──────── SUPPLIED DATA ────────
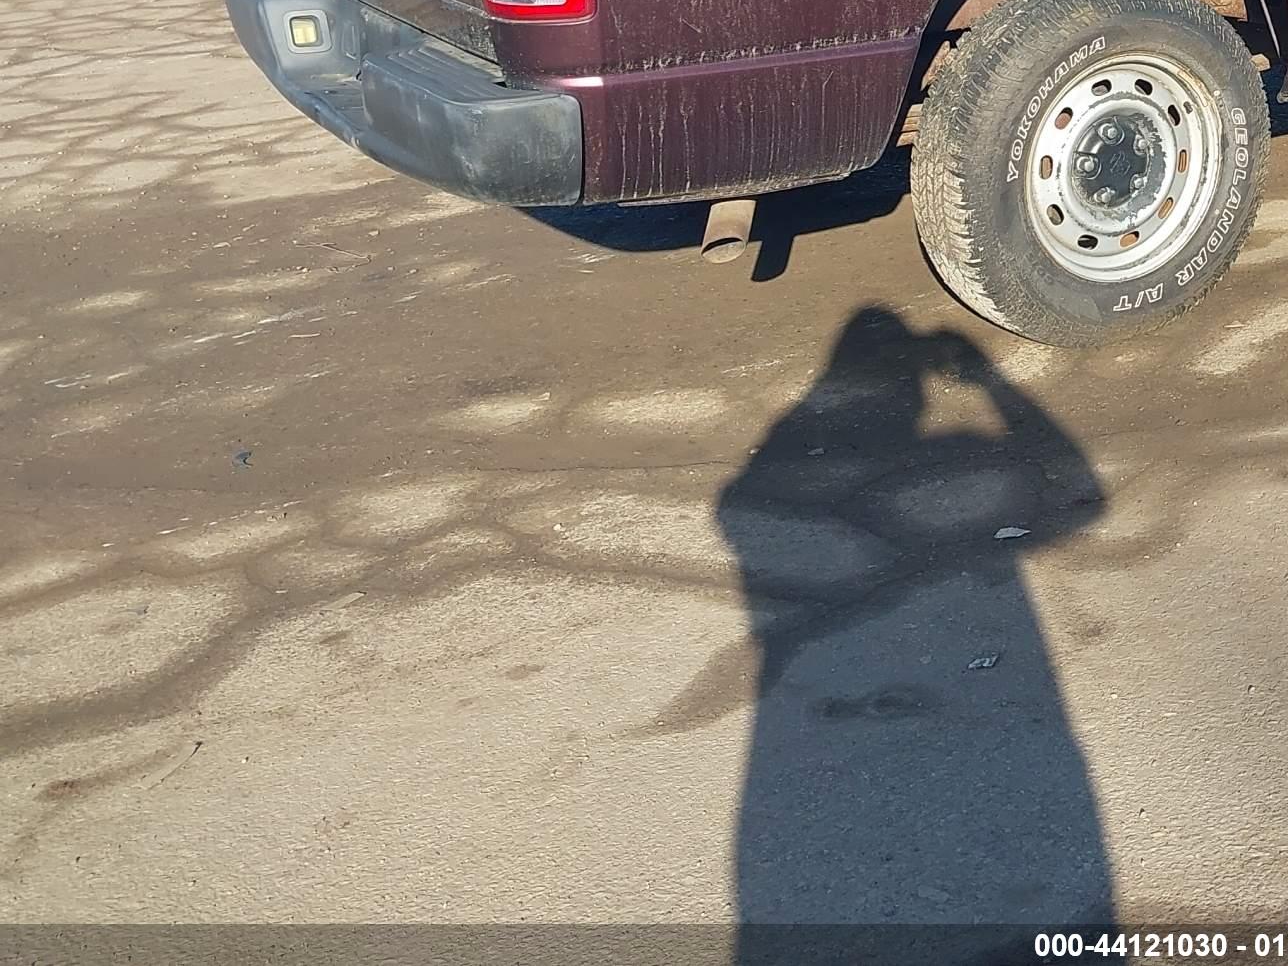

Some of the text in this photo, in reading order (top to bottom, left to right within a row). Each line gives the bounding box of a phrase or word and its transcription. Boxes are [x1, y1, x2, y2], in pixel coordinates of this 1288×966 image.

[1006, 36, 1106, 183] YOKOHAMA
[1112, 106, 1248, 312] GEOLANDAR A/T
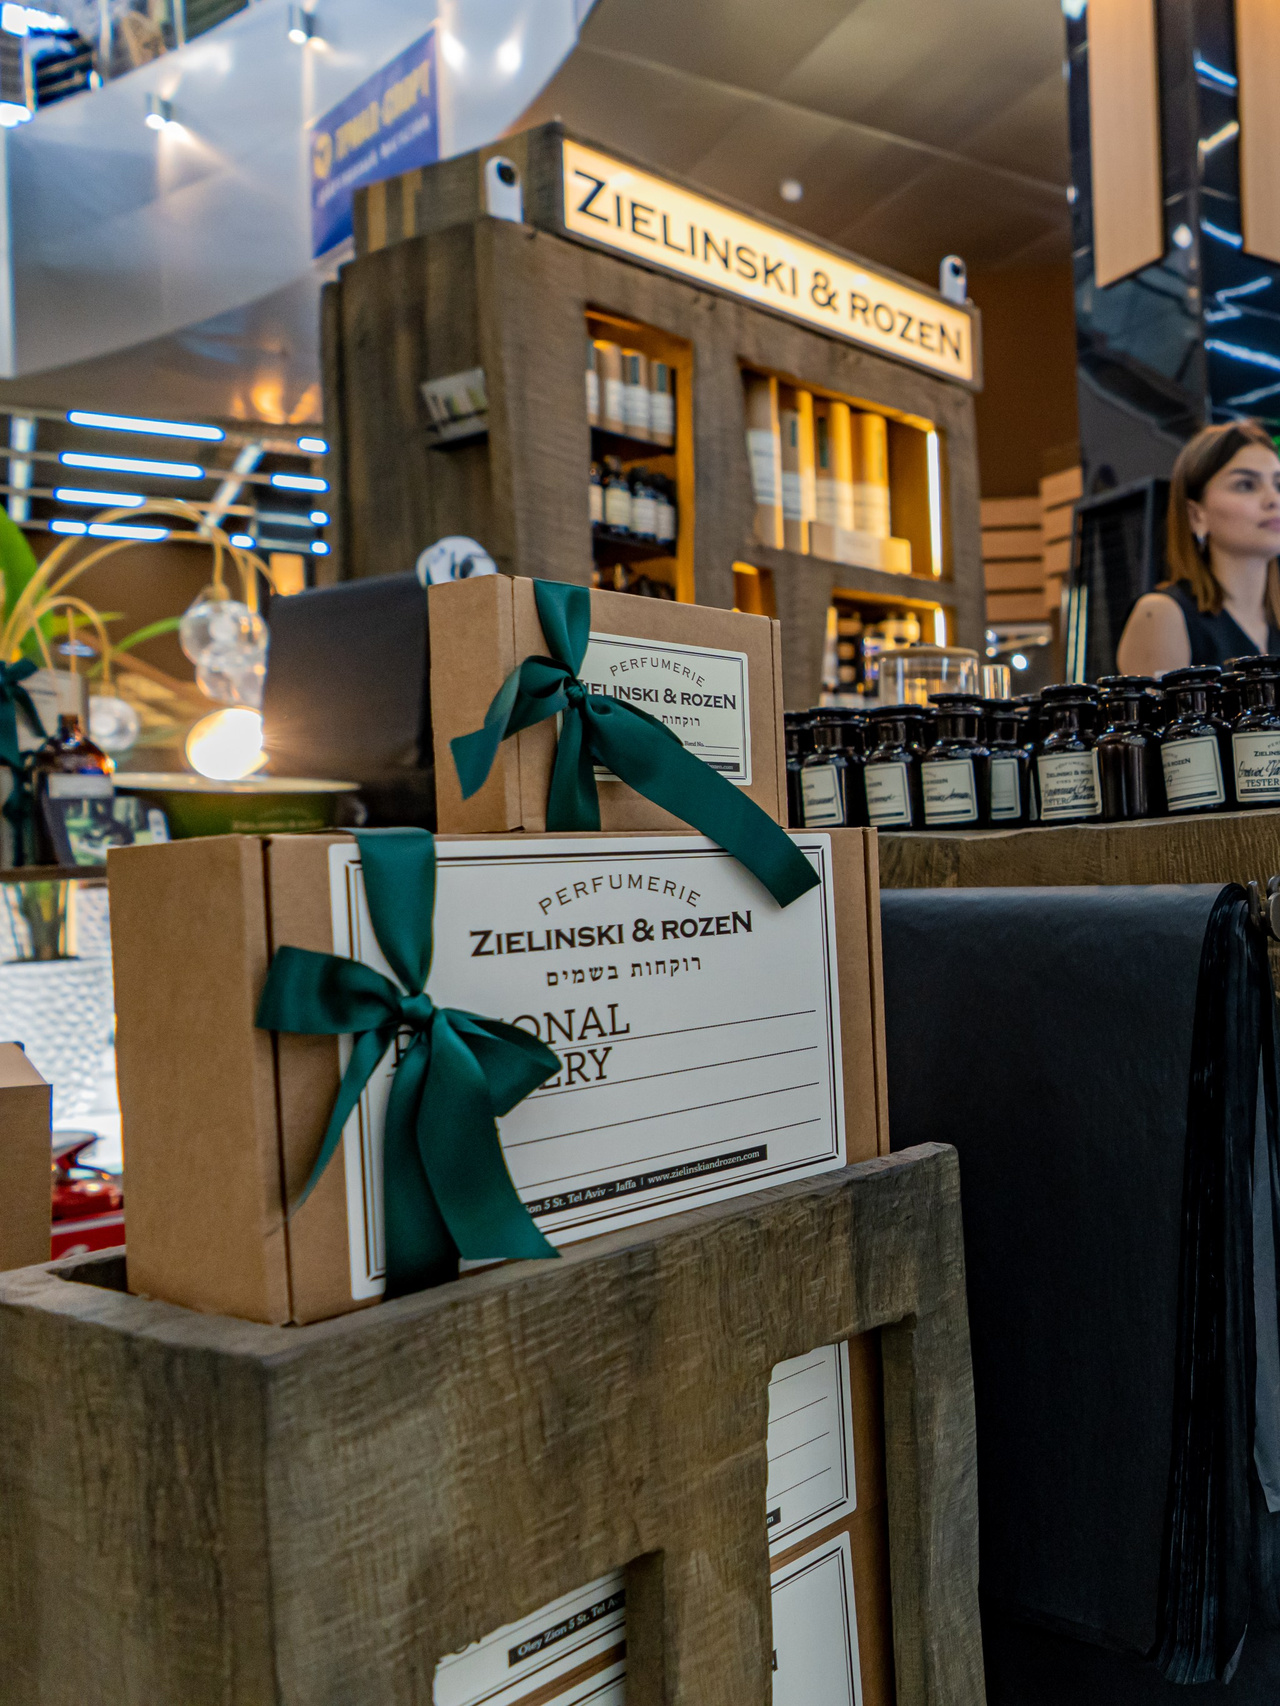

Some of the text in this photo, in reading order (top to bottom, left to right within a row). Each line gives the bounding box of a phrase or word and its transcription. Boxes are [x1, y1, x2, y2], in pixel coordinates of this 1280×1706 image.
────────
──────── SUPPLIED DATA ────────
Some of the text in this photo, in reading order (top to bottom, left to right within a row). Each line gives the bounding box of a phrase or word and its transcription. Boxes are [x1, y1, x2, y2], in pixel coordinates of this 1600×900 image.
────────
──────── SUPPLIED DATA ────────
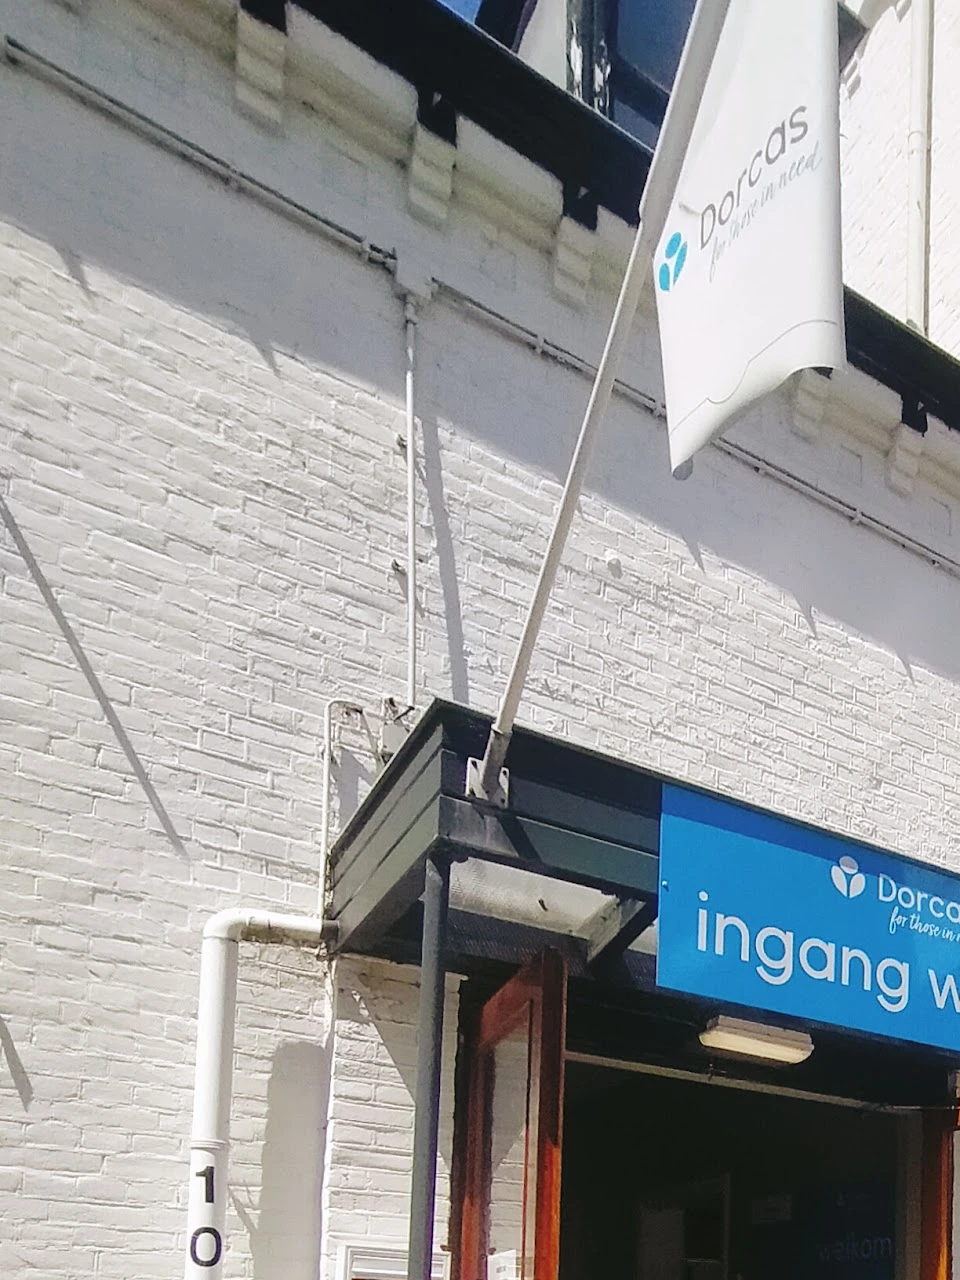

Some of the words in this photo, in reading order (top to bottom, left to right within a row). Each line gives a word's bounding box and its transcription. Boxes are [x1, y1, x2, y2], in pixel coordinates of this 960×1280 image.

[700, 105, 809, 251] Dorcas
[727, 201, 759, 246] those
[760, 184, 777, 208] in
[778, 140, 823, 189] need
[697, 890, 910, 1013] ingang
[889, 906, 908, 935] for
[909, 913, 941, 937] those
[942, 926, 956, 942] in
────────
Using the listing above, repeat word for word each line from the one with "this 1288×966 image." down to the one with "this 1280×1706 image.", both included. Omit all pictures.

*WRITTEN SOLUTION:*
Some of the text in this photo, in reading order (top to bottom, left to right within a row). Each line gives the bounding box of a phrase or word and its transcription. Boxes are [x1, y1, x2, y2], in pixel coordinates of this 1288×966 image.

[1006, 36, 1106, 183] YOKOHAMA
[1112, 106, 1248, 312] GEOLANDAR A/T

Some of the text in this photo, in reading order (top to bottom, left to right within a row). Each line gives the bounding box of a phrase or word and its transcription. Boxes are [x1, y1, x2, y2], in pixel coordinates of this 1280×1706 image.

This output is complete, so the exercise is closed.